- Opening Delimiter -

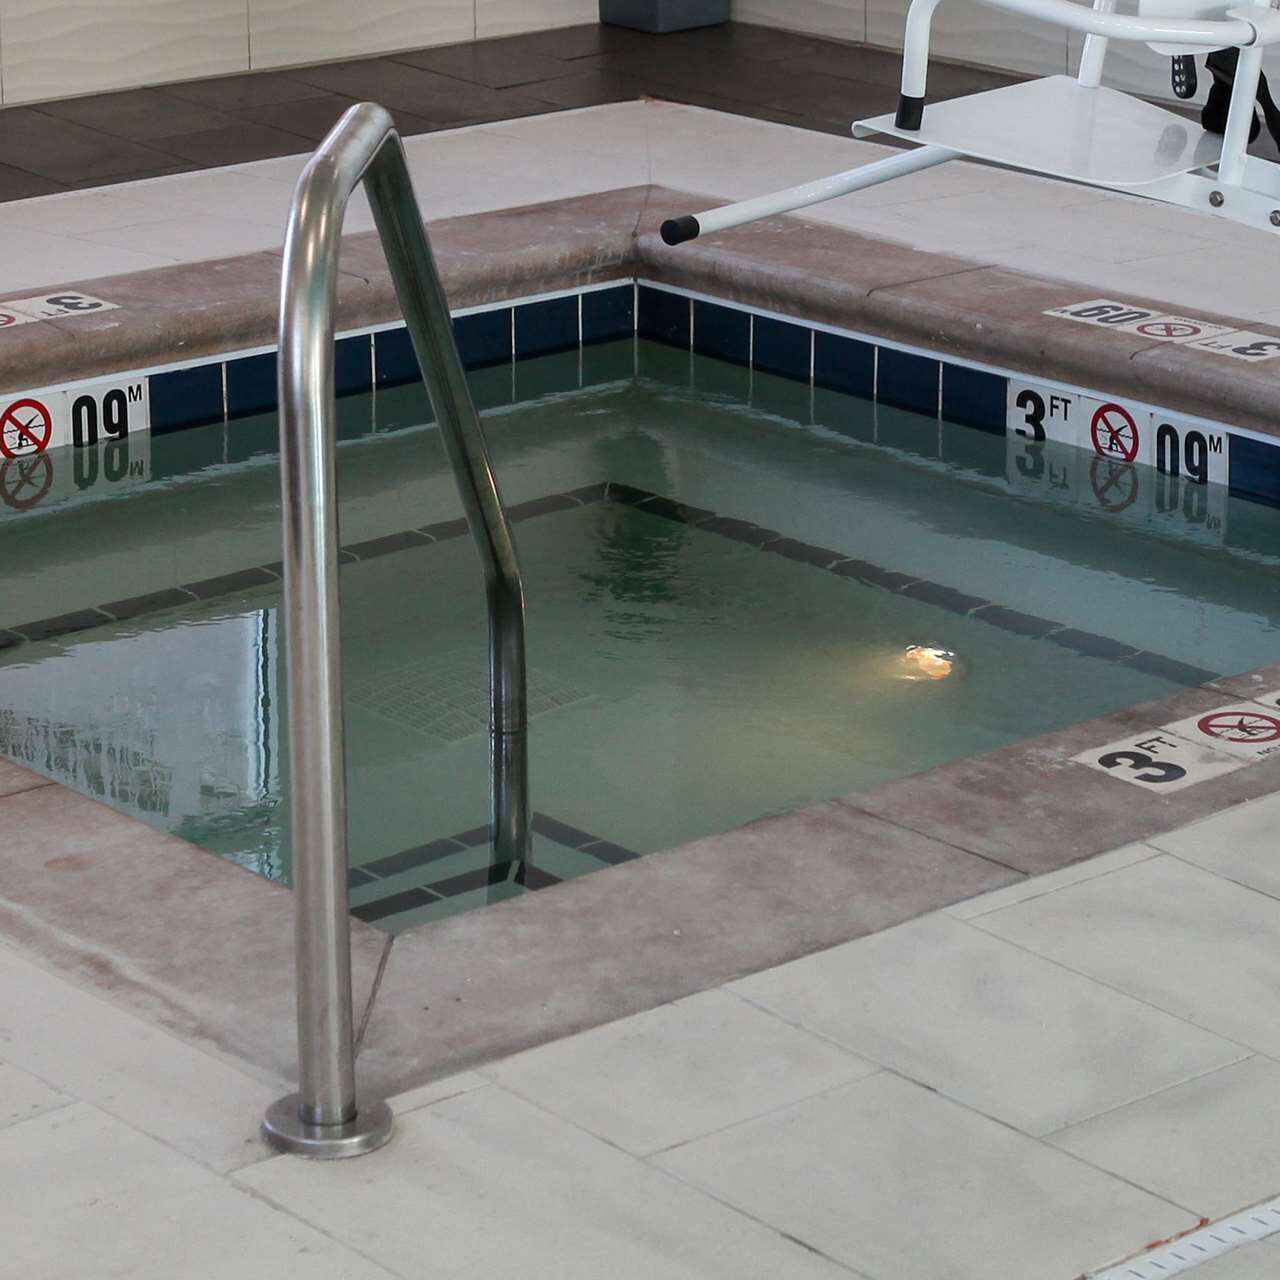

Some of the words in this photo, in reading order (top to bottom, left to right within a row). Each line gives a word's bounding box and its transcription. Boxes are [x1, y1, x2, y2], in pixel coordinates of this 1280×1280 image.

[46, 296, 103, 310] 3
[127, 384, 143, 403] M
[1015, 389, 1047, 442] 3
[1050, 394, 1072, 421] FT
[1208, 434, 1223, 454] M
[1134, 736, 1177, 754] FT
[1097, 751, 1187, 783] 3

- Closing Delimiter -

- [Work instruction] Set down the records again verbatim, with no pictures.

- [Output of the task]
Some of the words in this photo, in reading order (top to bottom, left to right within a row). Each line gives a word's bounding box and its transcription. Boxes are [x1, y1, x2, y2], in pixel coordinates of this 1280×1280 image.

[46, 296, 103, 310] 3
[127, 384, 143, 403] M
[1015, 389, 1047, 442] 3
[1050, 394, 1072, 421] FT
[1208, 434, 1223, 454] M
[1134, 736, 1177, 754] FT
[1097, 751, 1187, 783] 3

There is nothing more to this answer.